Dedicated to the definitive superhero non-team.

Wednesday, May 29, 2013

Greatly Exaggerated

The closing pages of New Defenders #152 found Angel, Iceman, and Beast mourning several teammates who had turned to ash. Disbanding the Defenders, the threesome joined with other original X-Men to form the group X-Factor.

Imagine Beast's surprise when he later crossed paths with Andromeda, one of the New Defenders he thought was dead. During her short time with that team, Andromeda initially hid the fact that she was a native of Atlantis. But why was she so guarded about her past? Because, as she disclosed to Beast at last, Andromeda's father was the Atlantean warlord Attuma. Andromeda still did not explain to Beast how she astonishingly was alive (X-Factor Annual #4).

X-Factor Annual. Vol. 1. No. 4. 1989. "I Just Go Down to the Sea Again…" John Byrne (story and pictures), Walter Simonson (embellishment), Jim Novak (lettering), Tom Vincent (coloring), Bob Harras (editing), Tom DeFalco (down the hall, turn left).
The Defenders initially battled the forces of Attuma in Defenders #8. The non-team later faced Attuma in Fear Itself: The Deep.
The top panel comes from New Defenders #152. This image of Andromeda in her natural blue form appeared in The Official Handbook of the Marvel Universe.

Sunday, May 19, 2013

Ruffled Feathers

Angel's decision to accompany Beast and Iceman in Defenders #125 turned the non-team into a partial revival of the original X-Men. And that's exactly what Angel wanted.

Before joining the New Defenders, Angel tried renewing his involvement with the mutant team. Yet beginning with X-Men #137, the high-flying Angel was uncharacteristically careless and klutzy when working alongside the "new" X-Men who largely replaced the original team in #94.

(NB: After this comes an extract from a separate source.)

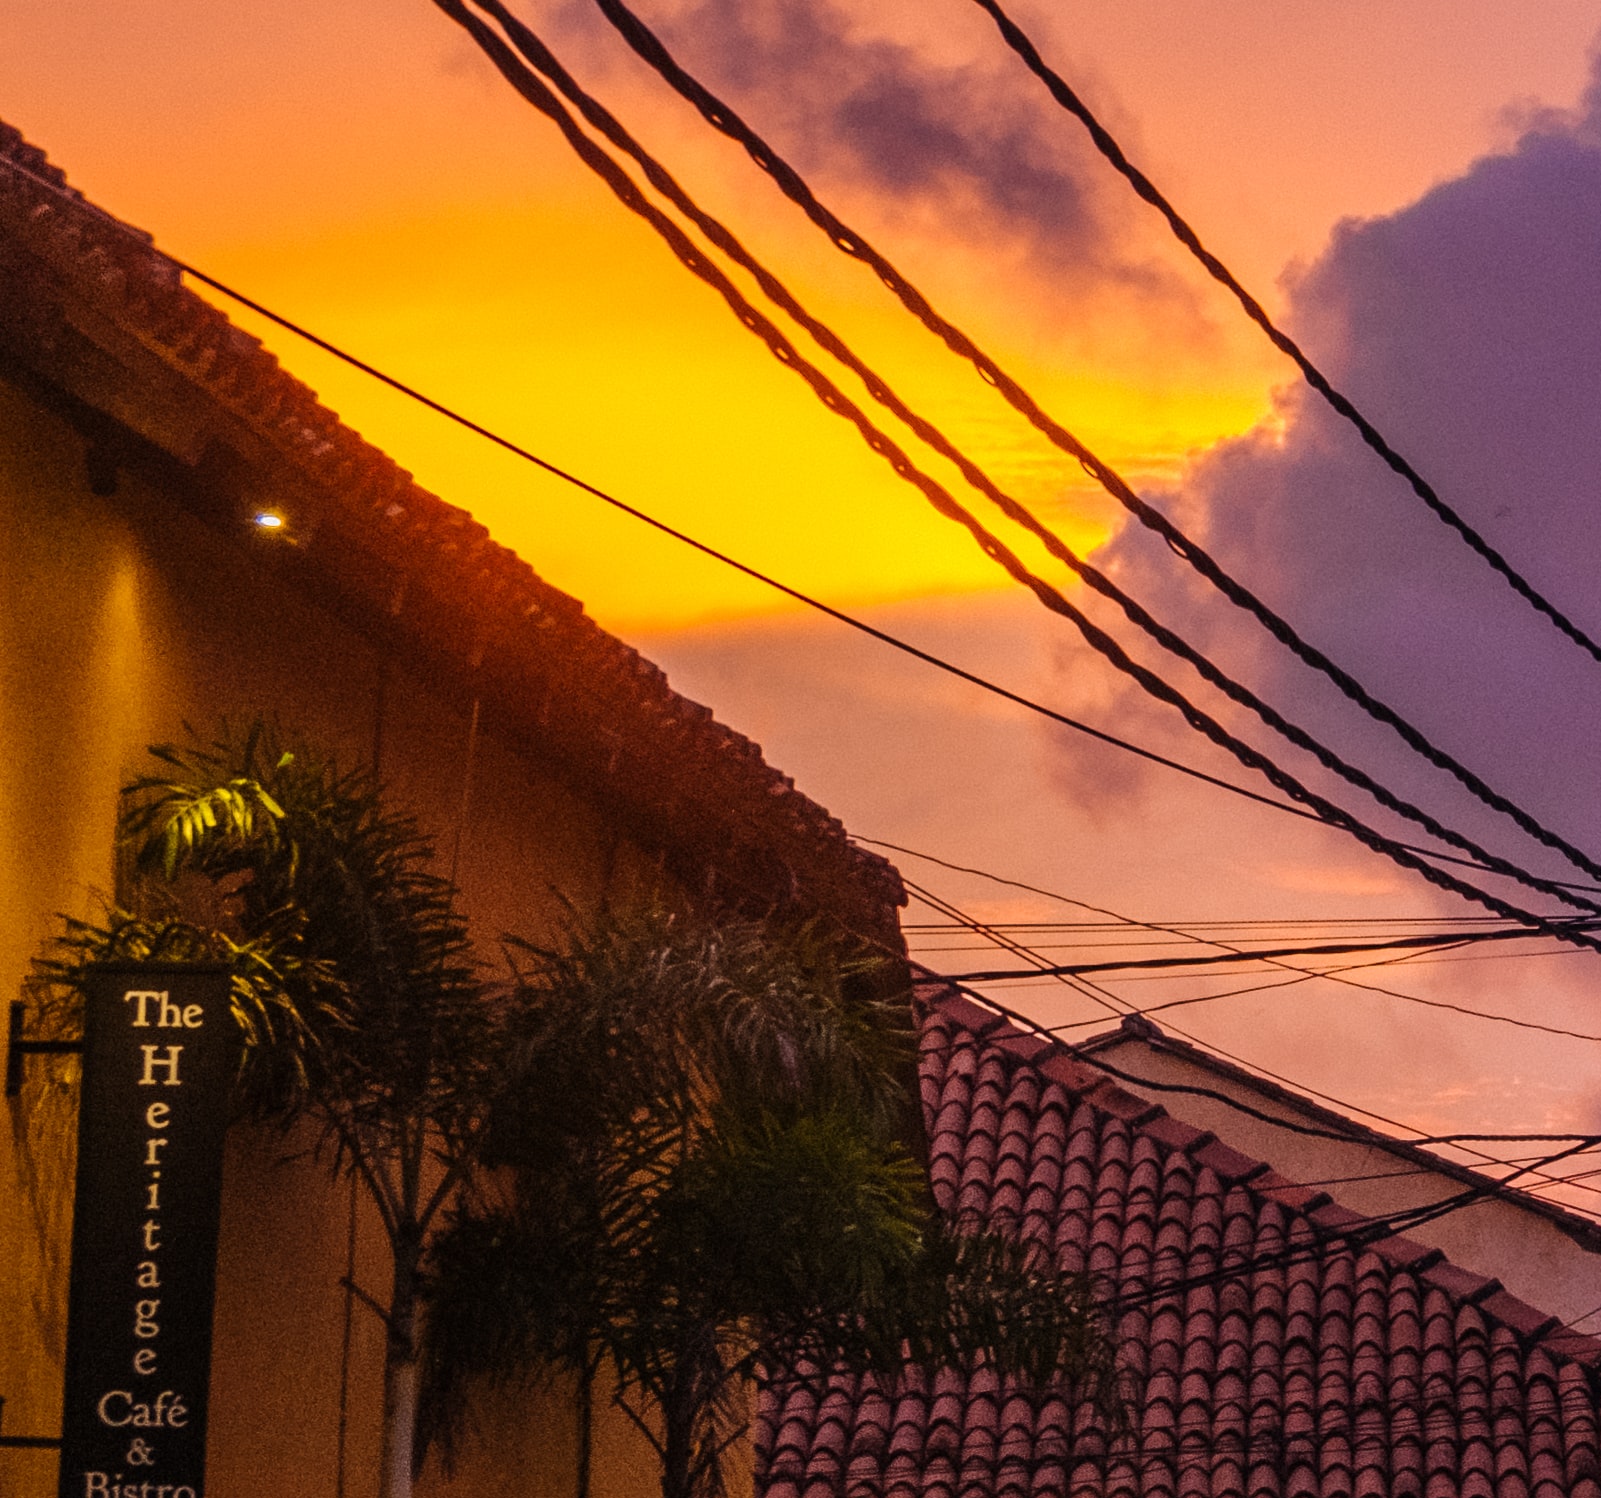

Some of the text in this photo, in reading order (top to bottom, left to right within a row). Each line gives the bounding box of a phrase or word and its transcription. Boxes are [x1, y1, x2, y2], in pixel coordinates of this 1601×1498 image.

[124, 990, 205, 1030] The
[133, 1044, 184, 1376] Heritage
[98, 1389, 189, 1429] Café
[126, 1438, 155, 1467] &

Though initially depicted as out of practice, that wasn't the full story. Rather, any beginner's mistakes on Angel's part resulted from him feeling ill-at-ease among the reconfigured team. A disapproving attitude toward Wolverine, and shock that the X-Men would tolerate anyone with such homicidal tendencies within their ranks, led Angel to again fly the coup in #148. Professor Xavier's School for Gifted Youngsters no longer felt like home.

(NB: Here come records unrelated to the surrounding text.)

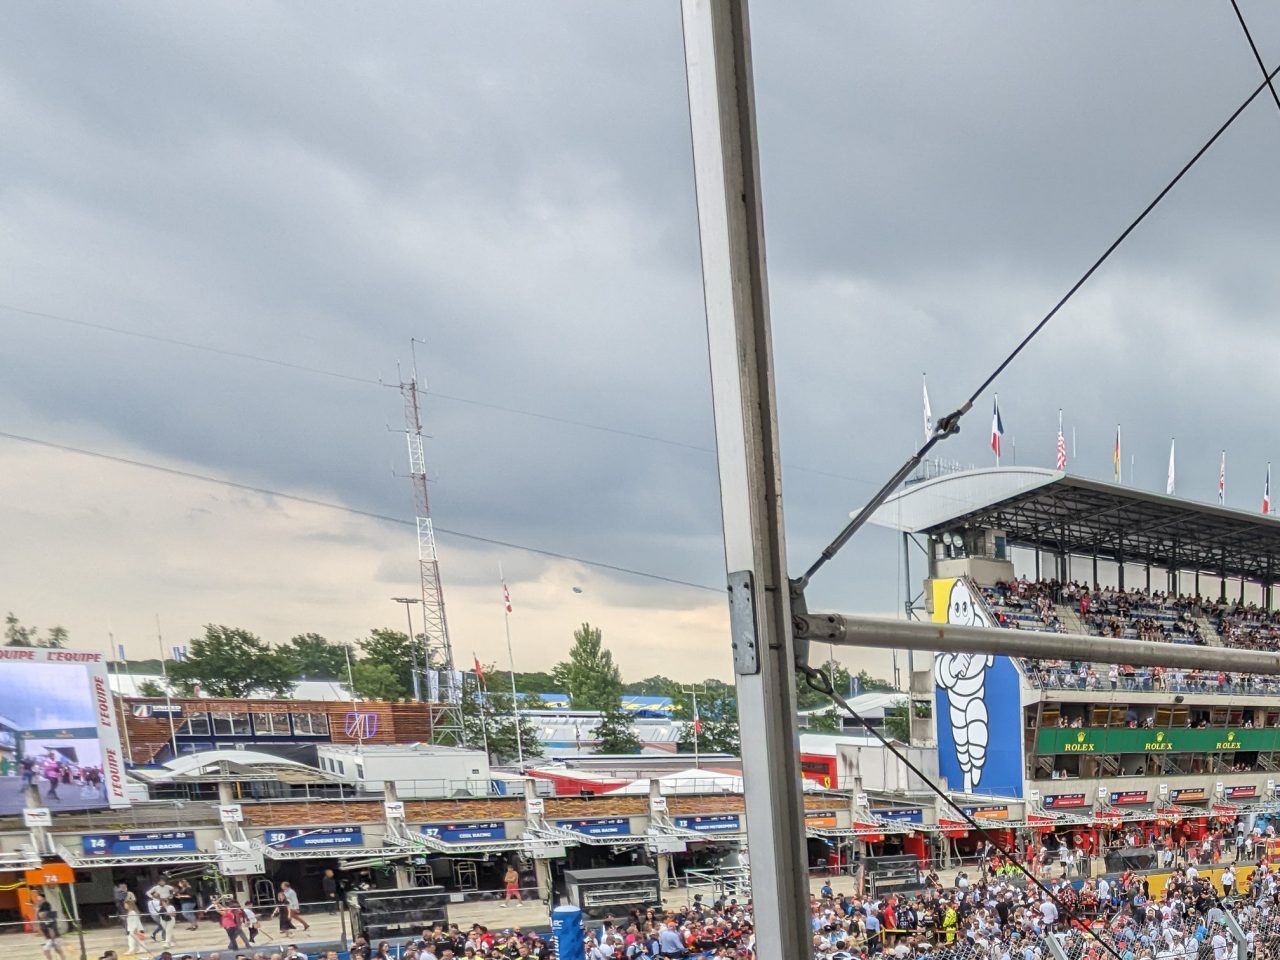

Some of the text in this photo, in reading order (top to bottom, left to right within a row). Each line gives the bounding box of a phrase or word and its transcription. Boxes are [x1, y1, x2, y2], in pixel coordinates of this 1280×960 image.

[1065, 743, 1094, 751] ROLEX
[1145, 742, 1173, 750] ROLEX
[270, 832, 286, 842] 30
[90, 839, 106, 848] 14
[254, 863, 263, 873] 14
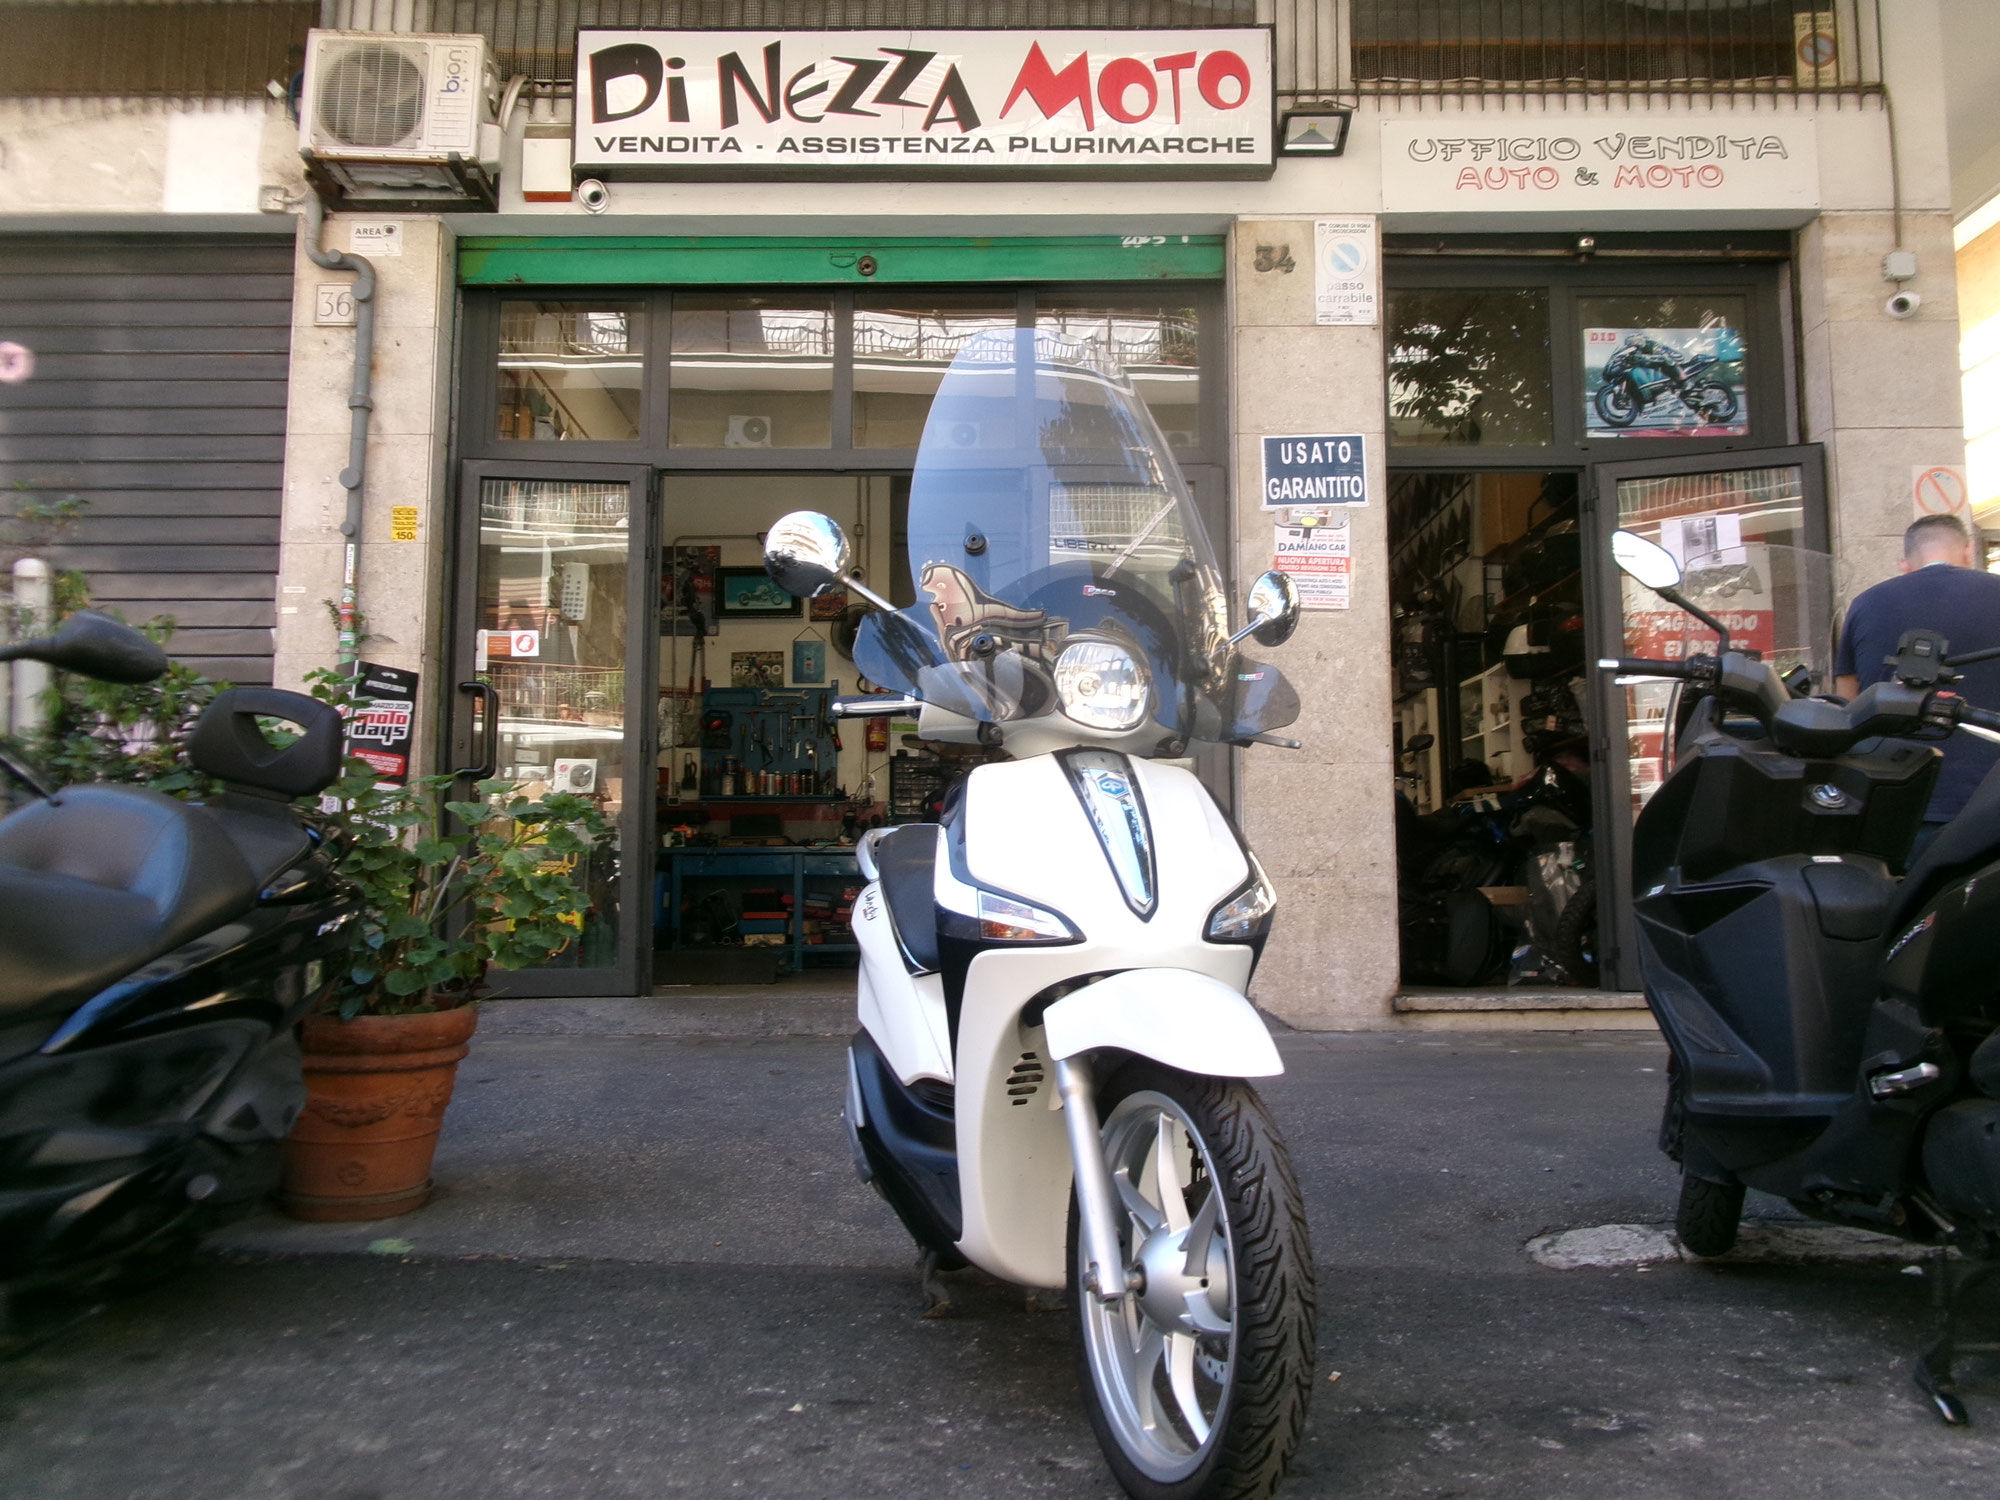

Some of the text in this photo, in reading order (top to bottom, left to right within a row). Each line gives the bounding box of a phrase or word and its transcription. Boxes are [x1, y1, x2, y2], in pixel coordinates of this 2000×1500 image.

[589, 42, 690, 124] Di
[999, 39, 1251, 131] MOTO
[594, 136, 742, 153] VENDITA
[776, 136, 995, 153] ASSISTENZA
[1008, 136, 1255, 153] PLURIMARCHE
[1408, 133, 1788, 162] UFFICIO VENDITA
[1455, 164, 1724, 190] AUTO & MOTO
[355, 227, 382, 236] AREA
[1253, 244, 1296, 273] 34
[1318, 292, 1373, 303] carrabile
[1327, 282, 1364, 293] passo
[319, 291, 355, 317] 36
[1280, 441, 1351, 464] USATO
[1267, 475, 1363, 500] GARANTITO
[1054, 538, 1117, 552] LIBERTY
[1278, 543, 1346, 552] DAMIANO CAR
[354, 723, 405, 742] days

The above image comes from from Uncanny X-Men #148 (August 1981).

Wednesday, May 1, 2013


In the five years since I started this blog, this is the first time I've felt prompted to mention Free Comic Book Day. Available Saturday, May 4, 2013, one of this year's titles is a sampling of work by authors Jonathan Kellerman and Louis L'Amour. The free offering brings back a memory from my early years reading comics.

While growing up, I occasionally perused a secondhand bookstore in my neighborhood that also sold back issues of comic books. One summer around the time I was in junior high, the owner of the shop started up a conversation with me by saying I looked like someone who spent a lot of time at the library. He then asked if I would be willing to do some research for him by reading through the neighborhood library's microfiche catalog and writing down every entry for Louis L'Amour. The shop owner was a fan of L'Amour's westerns and said he would pay me for the legwork.

In all honesty, I actually did like going to the library on my own. But I felt self-conscious that I came across that way. So even though I had the time, I declined the offer. In retrospect, I wish I had said yes.